La esencia de las máquinas consiste en generar trabajo y por lo tanto en desplazar aquello que en términos económicos se llama la fuerza de trabajo. Las máquinas ahorran esfuerzo y vuelven cada día más baratos bienes y servicios. Hoy existe un reclamo contra las máquinas: parece como si volviéramos a la etapa arqueológica del movimiento obrero desplegado en Inglaterra a mediados del siglo xix (el movimiento luddita que hacía trizas la maquinaria porque en ella veía un enemigo). Lo cierto es que algunos aportes técnicos, al desplazar fuerza de trabajo y lanzar al desempleo a multitud de trabajadores (en el corto plazo), desarrollan otras fuentes de trabajo en escala mayor (en un plazo más largo). Uno de esos inventos que demuestra lo que he dicho es precisamente el de la imprenta: al ser creada, arrebató el empleo a los pendolistas que hacían, a mano, las copias de los libros. Sin embargo la imprenta y sus hijos necesarios, los libros, crearon con el tiempo más empleos, tanto directos como indirectos, que aquellos de que disponían los copistas de libros, por supuesto que escasos. Nacieron imprentas por todo el orbe, en las que se reprodujeron libros, primero; periódicos y revistas, después. ¿Cuántas personas vivimos el día de hoy a la sombra del invento de Gutenberg? Por supuesto, la imprenta ha evolucionado y, con ella, el libro. Pero quienes vivimos para el libro y por el libro sumamos ya millones de personas en el mundo. Cuando aquí hablo de libros y de imprentas incluyo, por supuesto, la revolución tecnológica más reciente, la cibernética, en la medida en que la impresión de textos se ha beneficiado de la electrónica: enviamos copias de libros por la vía satelital, hacemos libros en soporte electrónico: esos textos son escritos y reproducidos en computadora: esta comunicación sería incluso imposible si no contara con el auxilio de la electrónica.

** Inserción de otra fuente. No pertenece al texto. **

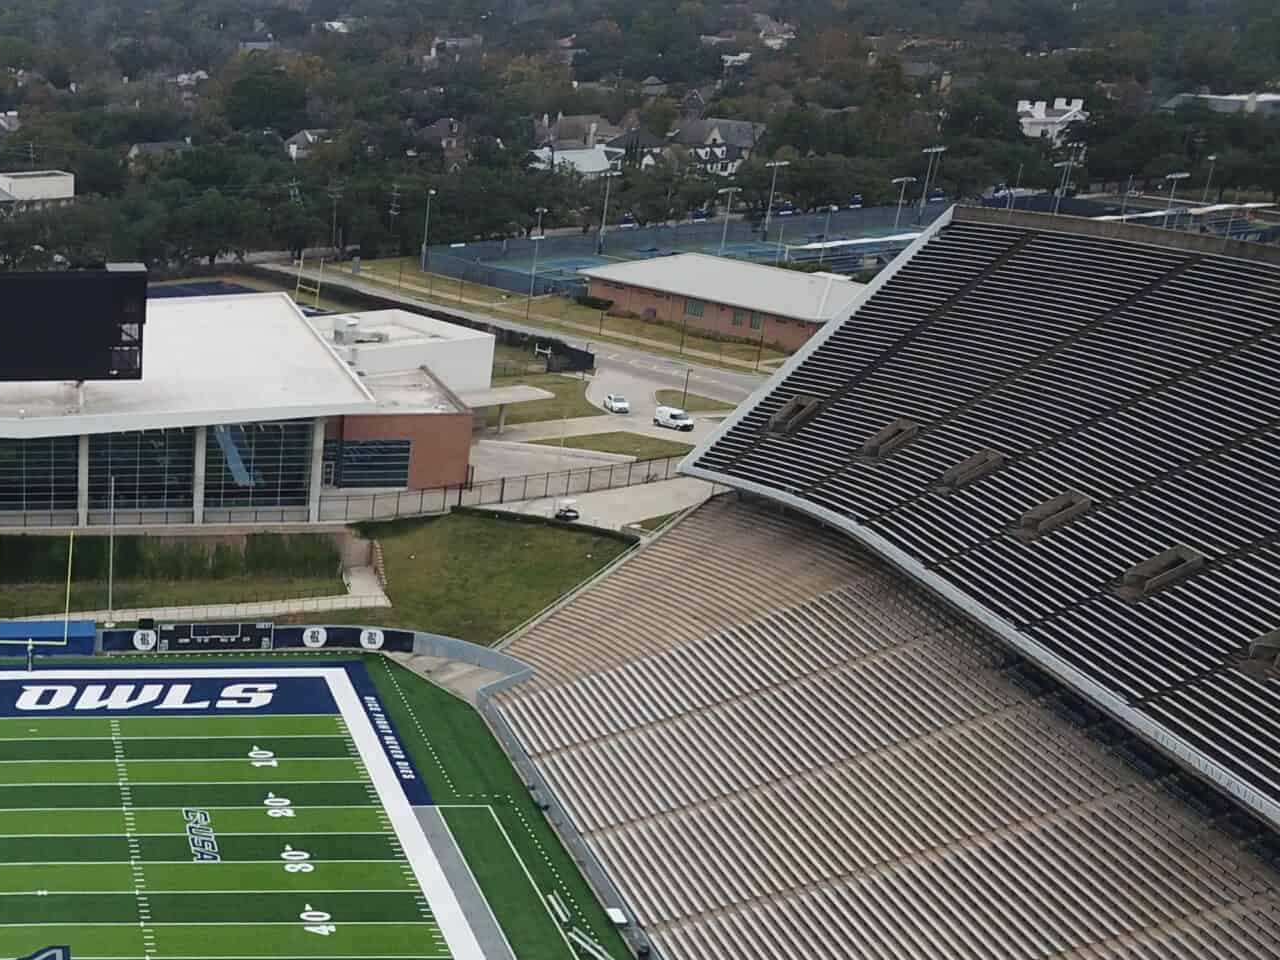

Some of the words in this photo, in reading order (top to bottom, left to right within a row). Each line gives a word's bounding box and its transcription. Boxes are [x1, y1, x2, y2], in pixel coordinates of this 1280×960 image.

[16, 684, 277, 711] OWLS
[248, 751, 278, 767] 10
[281, 850, 314, 873] 30
[301, 911, 336, 936] 40
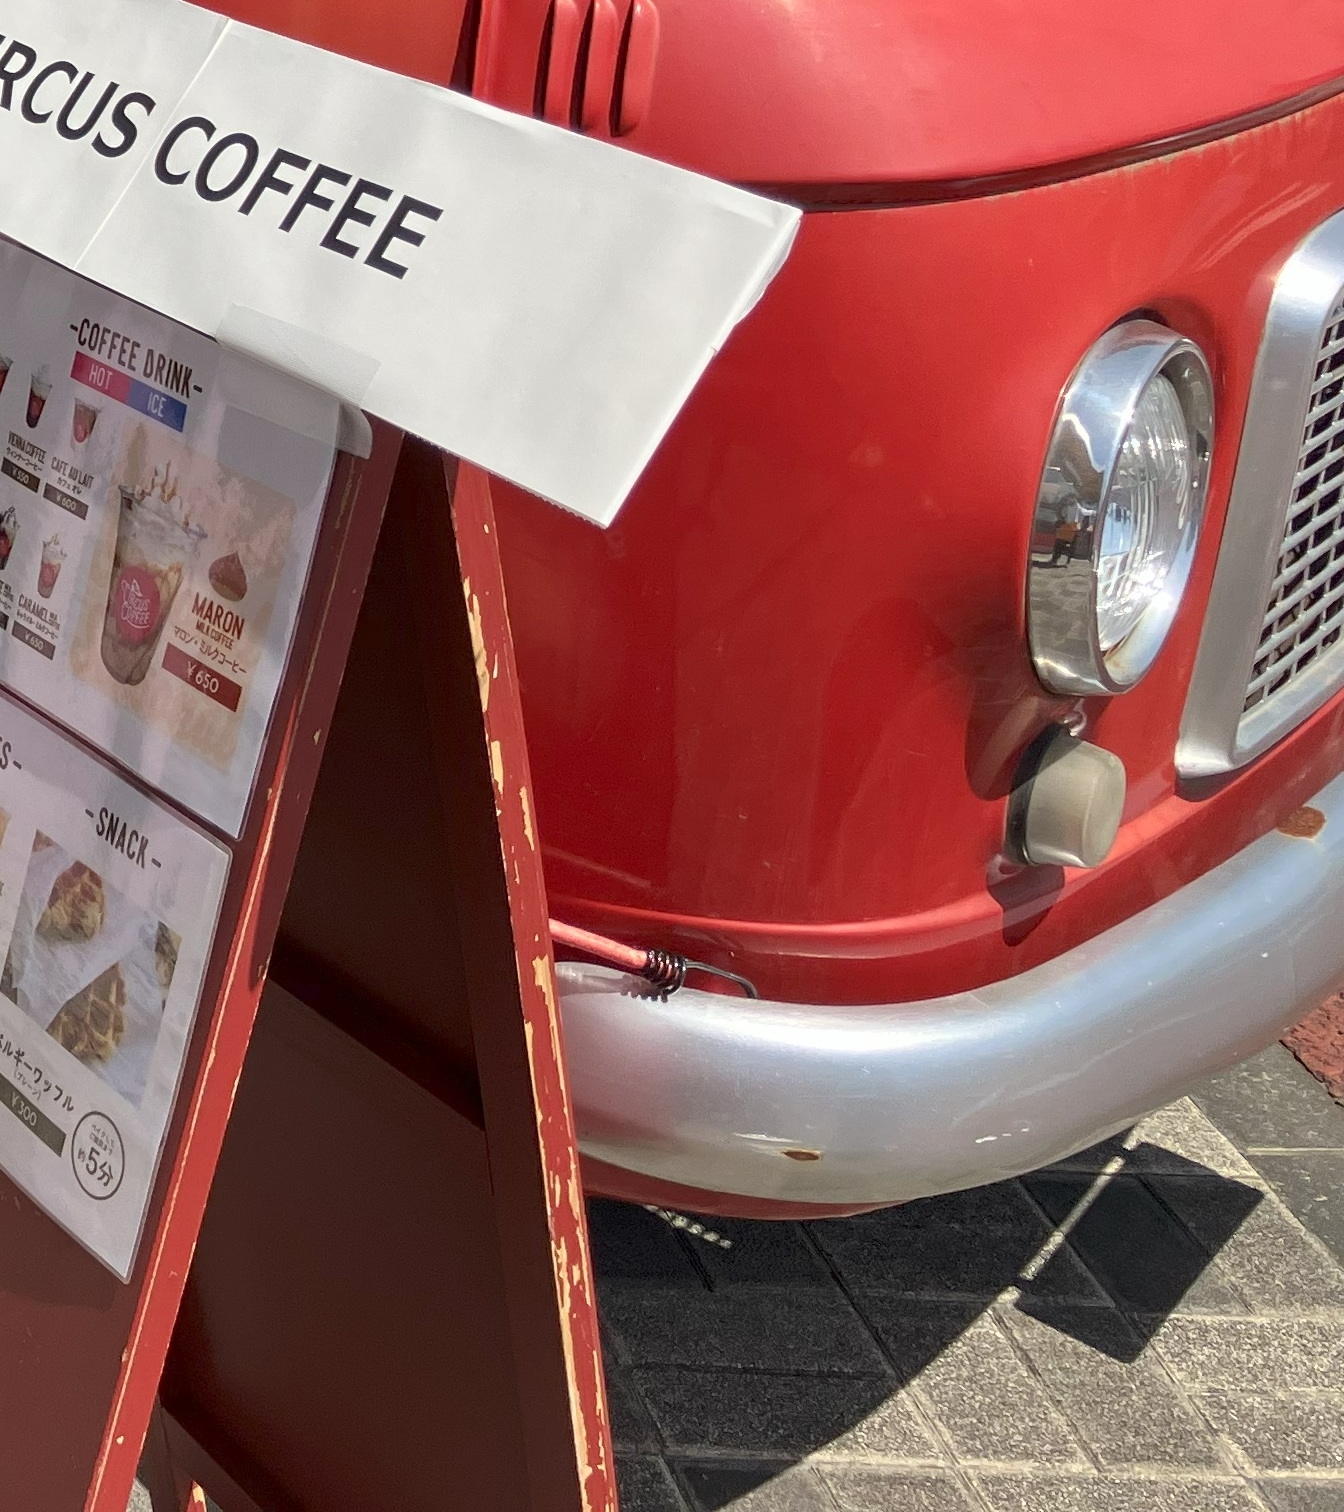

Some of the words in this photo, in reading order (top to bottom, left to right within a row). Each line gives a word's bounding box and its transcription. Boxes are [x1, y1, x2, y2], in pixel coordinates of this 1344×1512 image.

[154, 116, 444, 280] COFFEE
[89, 363, 113, 390] HOT
[147, 392, 167, 418] ICE
[19, 593, 47, 621] CARAMEL
[192, 591, 245, 641] MARON
[209, 629, 234, 651] COFFEE
[187, 661, 220, 694] ¥650
[10, 1091, 38, 1126] ¥300

Añado, por lo tanto, que la electricidad es un invento de la misma naturaleza que el de la imprenta. Fue en sus orígenes, acaso, tan sólo, un juego (aunque un juego serio). Galvani indagaba por la fuente de la vida: creyó encontrarla en la electricidad animal y Mary Shelley, née Godwin, supuso que por la electricidad cobrarían vida una serie de órganos humanos dispersos y así nacería un Prometeo nuevo. El desarrollo de la electricidad como fuente de luz y como fuente de energía salvó a las ballenas (Moby Dick es ya impensable en un espacio dominado por la electricidad). Además, hizo posible el desarrollo industrial en todo lugar y no solamente donde hubiera fuentes primarias de energía: antes de ella, las fábricas seguían con humildad a las caídas de agua o se situaban al costado de las minas de carbón: después la energía fue llevada al sitio del mercado. Hoy, la energía eléctrica otorga empleo, directo o indirecto, a millones de personas que la producen (o se benefician de ella).

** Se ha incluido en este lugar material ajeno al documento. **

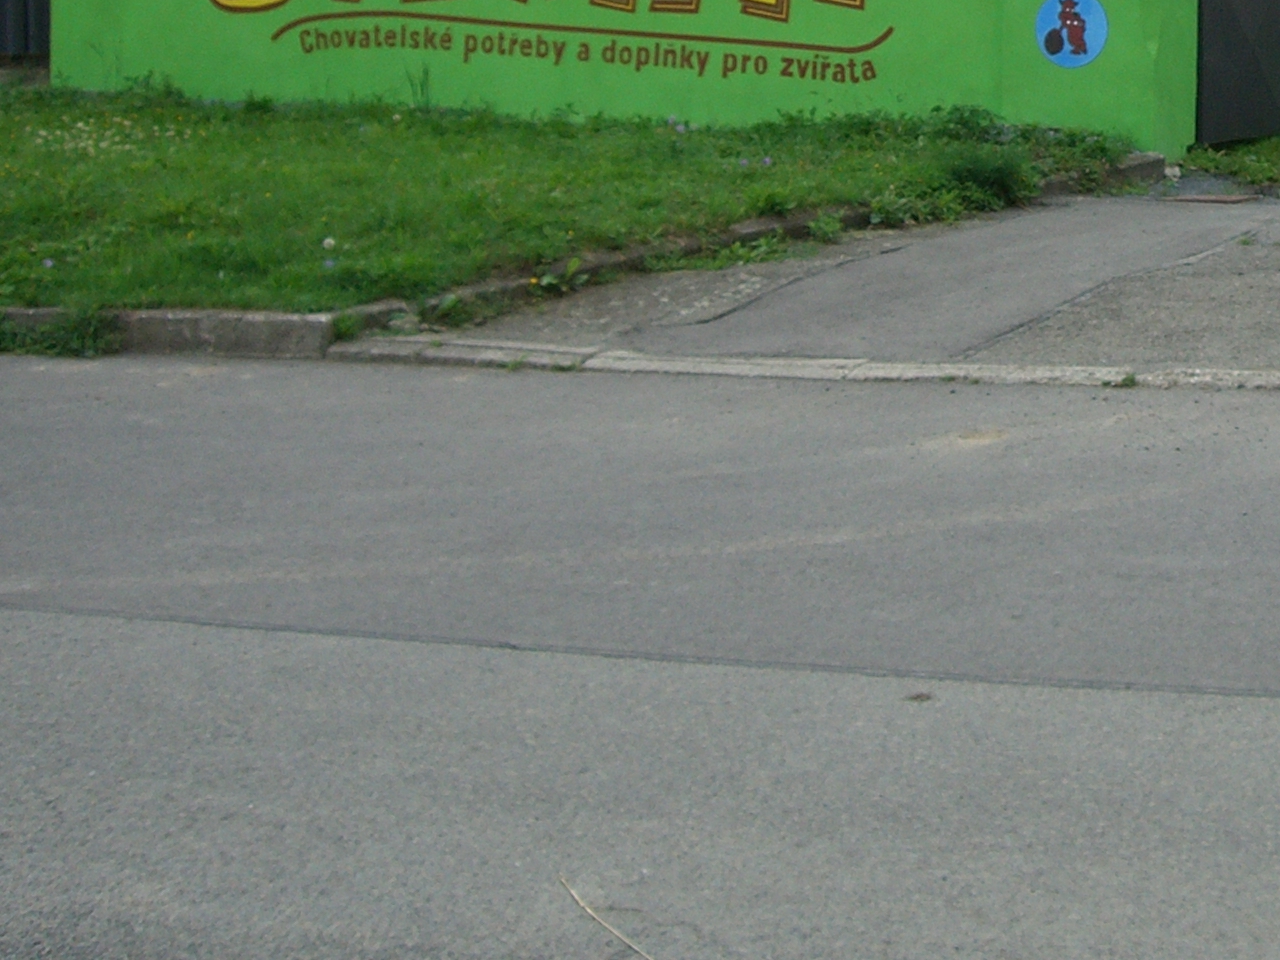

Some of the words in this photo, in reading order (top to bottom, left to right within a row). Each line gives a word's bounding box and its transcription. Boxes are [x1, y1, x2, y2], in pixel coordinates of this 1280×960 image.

[300, 25, 453, 54] Chovatelské
[463, 31, 566, 66] potřeby
[577, 43, 590, 62] a
[602, 39, 710, 77] doplňky
[722, 52, 768, 78] pro
[780, 54, 877, 84] zvířata

La imprenta tuvo el efecto benéfico de crear más empleos de los que en un principio desplazó. Además, al reproducir en tiempo menor y sin tantas erratas los libros que antes se copiaban a mano; al hacerlos más baratos y ponerlos en las manos ávidas de millones de personas, la imprenta logró la democratización de la inteligencia y le dio otro espacio, universal, a la palabra: hizo que el libro, hasta ese momento patrimonio de unos pocos frailes, entrara en las casas de todos los hombres. El libro, en las Edades Clásica y Media, era el privilegio de unas pocas personas. Leer, escribir, poseer un libro, ya no digamos una biblioteca, sólo era posible para los hombres de grandes fortunas (o de las instituciones: universidades, monasterios, Iglesia, Estado). Empero, desde la invención de la imprenta, poseer y leer libros fue por el contrario un hecho (me atrevería a decir que un derecho) puesto al alcance de las multitudes: la razón, la lengua, el pensamiento se volvieron instrumentos democráticos y al alcance del vulgo: nacieron por todos lados escuelas de educación primaria; se multiplicaron institutos de enseñanza superior y de investigación, igual que sociedades científicas y literarias; a partir de entonces se empezó a hablar de una república de las letras (porque antes existía sólo una aristocracia letrada). Leer y releer, escribir y pensar, elevar el diálogo racional con los otros a través del silencio creador (en el que se escucha la voz de los muertos) constituyó un deleite que al mismo tiempo amplió el espacio de la inteligencia.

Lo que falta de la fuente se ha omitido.